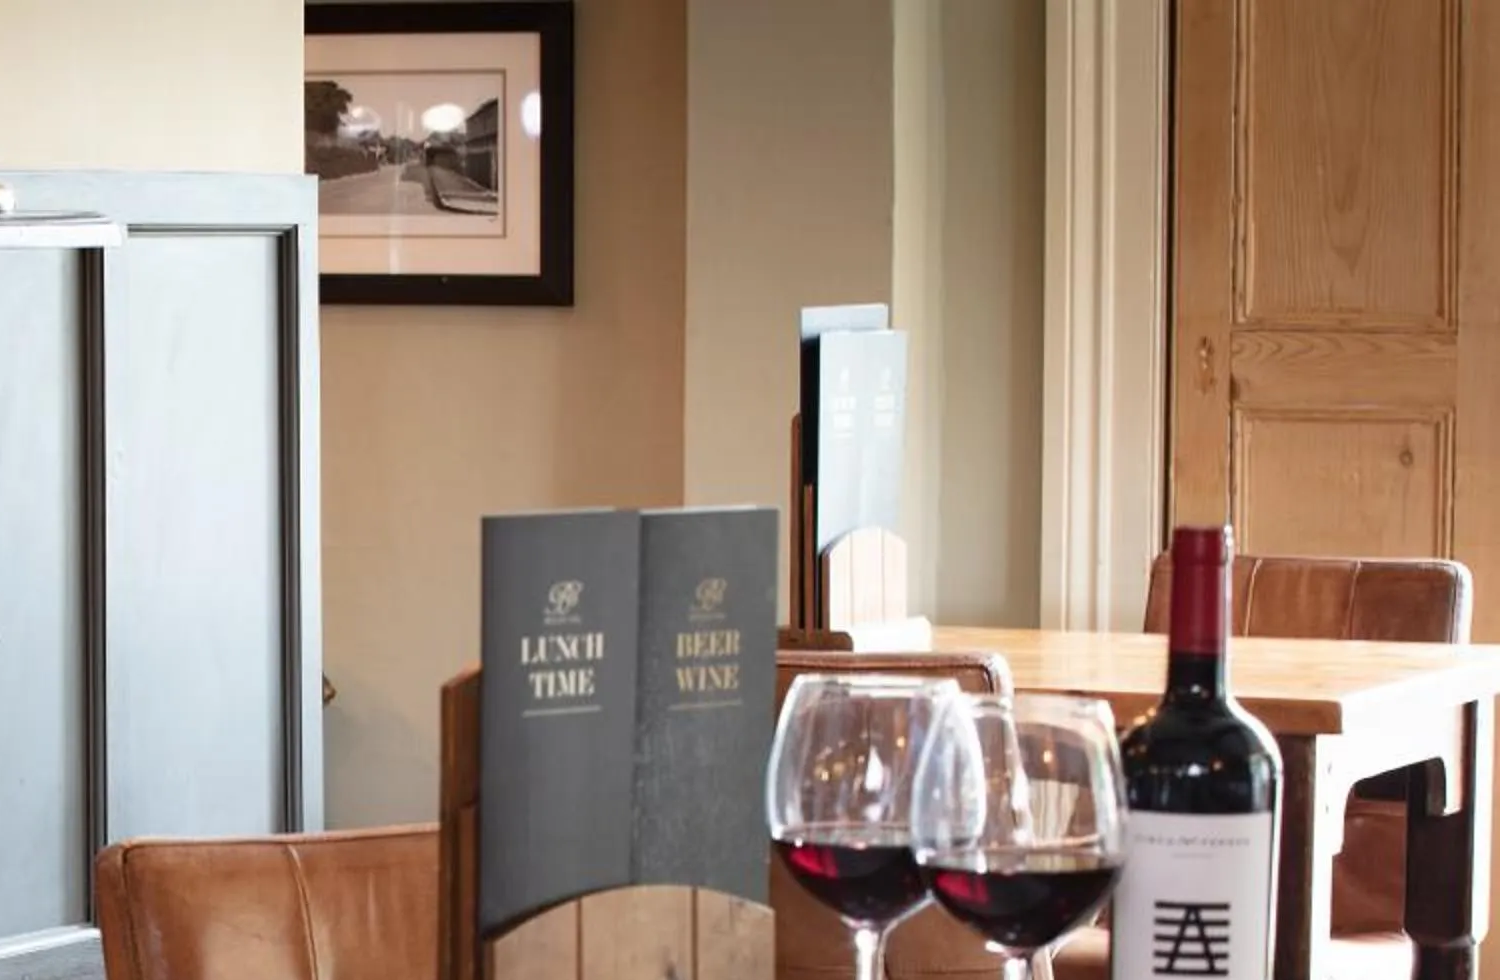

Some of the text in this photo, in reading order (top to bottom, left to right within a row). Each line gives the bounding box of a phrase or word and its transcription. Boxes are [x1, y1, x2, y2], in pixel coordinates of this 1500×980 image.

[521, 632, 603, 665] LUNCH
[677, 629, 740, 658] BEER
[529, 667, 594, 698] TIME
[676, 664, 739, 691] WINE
--*--
▶ [WORK REQUEST] Write out the whole listing exactly as it appears, and omit the pictures.

▶ [RESULT BELOW]
Some of the text in this photo, in reading order (top to bottom, left to right within a row). Each line gives the bounding box of a phrase or word and its transcription. Boxes are [x1, y1, x2, y2], in pixel coordinates of this 1500×980 image.

[521, 632, 603, 665] LUNCH
[677, 629, 740, 658] BEER
[529, 667, 594, 698] TIME
[676, 664, 739, 691] WINE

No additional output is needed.